● What you will do: Lines before the one containing "this 2000×1333 image." are left out; copy that line and every later line through the end of the data exactly.

Records from a data source:

[Start of section]

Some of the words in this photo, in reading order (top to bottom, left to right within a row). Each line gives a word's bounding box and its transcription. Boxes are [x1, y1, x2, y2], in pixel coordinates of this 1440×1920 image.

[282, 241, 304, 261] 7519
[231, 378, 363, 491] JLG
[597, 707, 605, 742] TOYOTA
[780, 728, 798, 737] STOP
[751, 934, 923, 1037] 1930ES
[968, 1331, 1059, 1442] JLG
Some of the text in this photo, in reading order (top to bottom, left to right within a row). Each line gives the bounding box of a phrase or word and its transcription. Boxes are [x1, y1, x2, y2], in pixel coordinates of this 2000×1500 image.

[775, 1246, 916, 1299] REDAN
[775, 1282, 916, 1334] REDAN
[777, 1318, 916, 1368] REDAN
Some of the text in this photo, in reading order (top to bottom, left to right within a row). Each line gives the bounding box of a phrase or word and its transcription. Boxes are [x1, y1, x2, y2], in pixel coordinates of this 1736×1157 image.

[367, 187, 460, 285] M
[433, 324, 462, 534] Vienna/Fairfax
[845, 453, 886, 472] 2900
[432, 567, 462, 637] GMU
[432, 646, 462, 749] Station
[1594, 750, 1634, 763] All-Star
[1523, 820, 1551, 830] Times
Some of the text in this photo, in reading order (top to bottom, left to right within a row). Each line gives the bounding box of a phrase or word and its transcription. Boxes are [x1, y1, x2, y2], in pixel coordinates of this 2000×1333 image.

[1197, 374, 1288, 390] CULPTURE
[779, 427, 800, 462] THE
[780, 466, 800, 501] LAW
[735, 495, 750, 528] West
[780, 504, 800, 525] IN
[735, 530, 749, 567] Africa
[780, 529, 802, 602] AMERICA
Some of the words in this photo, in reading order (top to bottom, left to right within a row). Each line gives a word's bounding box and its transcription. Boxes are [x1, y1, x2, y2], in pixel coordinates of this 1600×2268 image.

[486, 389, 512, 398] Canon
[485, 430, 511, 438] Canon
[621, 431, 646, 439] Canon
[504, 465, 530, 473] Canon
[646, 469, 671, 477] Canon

[End of section]

● Exercise answer:
Some of the text in this photo, in reading order (top to bottom, left to right within a row). Each line gives the bounding box of a phrase or word and its transcription. Boxes are [x1, y1, x2, y2], in pixel coordinates of this 2000×1333 image.

[1197, 374, 1288, 390] CULPTURE
[779, 427, 800, 462] THE
[780, 466, 800, 501] LAW
[735, 495, 750, 528] West
[780, 504, 800, 525] IN
[735, 530, 749, 567] Africa
[780, 529, 802, 602] AMERICA
Some of the words in this photo, in reading order (top to bottom, left to right within a row). Each line gives a word's bounding box and its transcription. Boxes are [x1, y1, x2, y2], in pixel coordinates of this 1600×2268 image.

[486, 389, 512, 398] Canon
[485, 430, 511, 438] Canon
[621, 431, 646, 439] Canon
[504, 465, 530, 473] Canon
[646, 469, 671, 477] Canon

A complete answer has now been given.